▶ [How to complete this task]: Each entry below should be echoed exactly, with pictures omitted.

▶ [Data extract]:
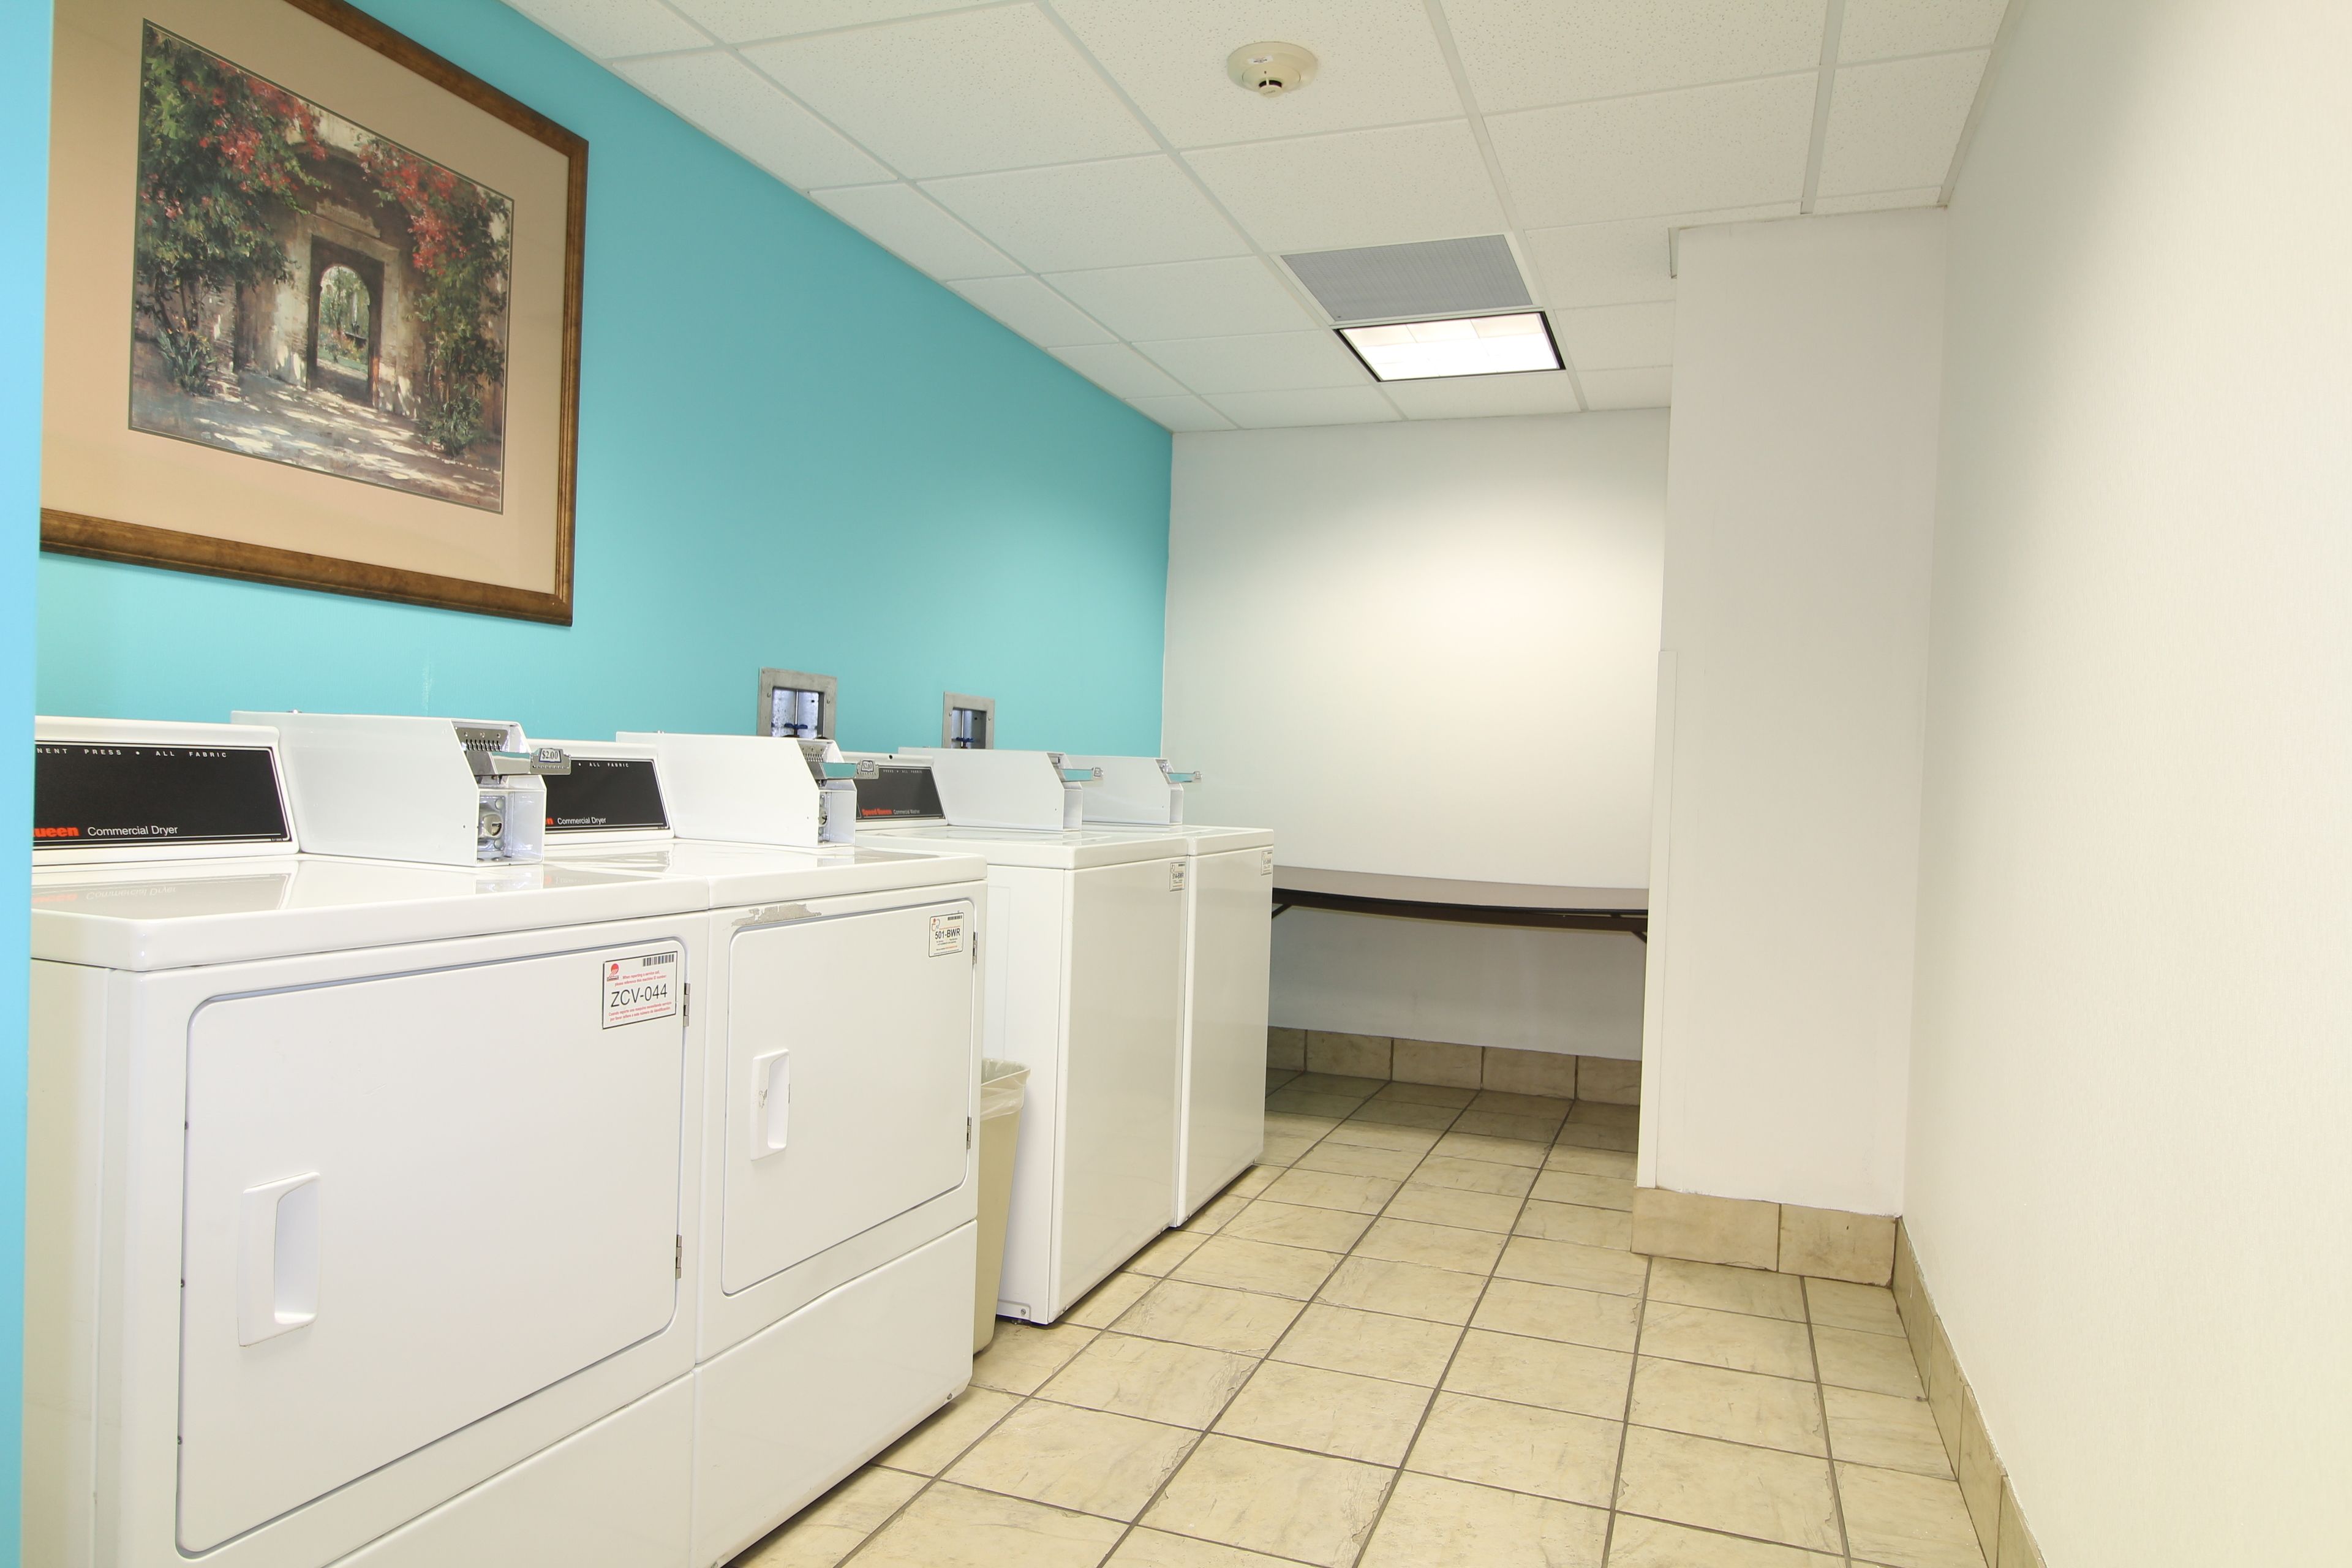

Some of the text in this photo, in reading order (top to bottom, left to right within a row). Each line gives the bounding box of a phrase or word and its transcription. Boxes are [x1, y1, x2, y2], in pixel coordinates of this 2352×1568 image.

[542, 750, 558, 760] $2.00
[557, 816, 590, 826] Commercial
[591, 816, 606, 826] Dryer
[34, 825, 178, 838] ueen Commercial Dryer
[935, 928, 960, 940] 501-BWR
[611, 983, 667, 1008] ZCV-044

▶ [Output below]:
Some of the text in this photo, in reading order (top to bottom, left to right within a row). Each line gives the bounding box of a phrase or word and its transcription. Boxes are [x1, y1, x2, y2], in pixel coordinates of this 2352×1568 image.

[542, 750, 558, 760] $2.00
[557, 816, 590, 826] Commercial
[591, 816, 606, 826] Dryer
[34, 825, 178, 838] ueen Commercial Dryer
[935, 928, 960, 940] 501-BWR
[611, 983, 667, 1008] ZCV-044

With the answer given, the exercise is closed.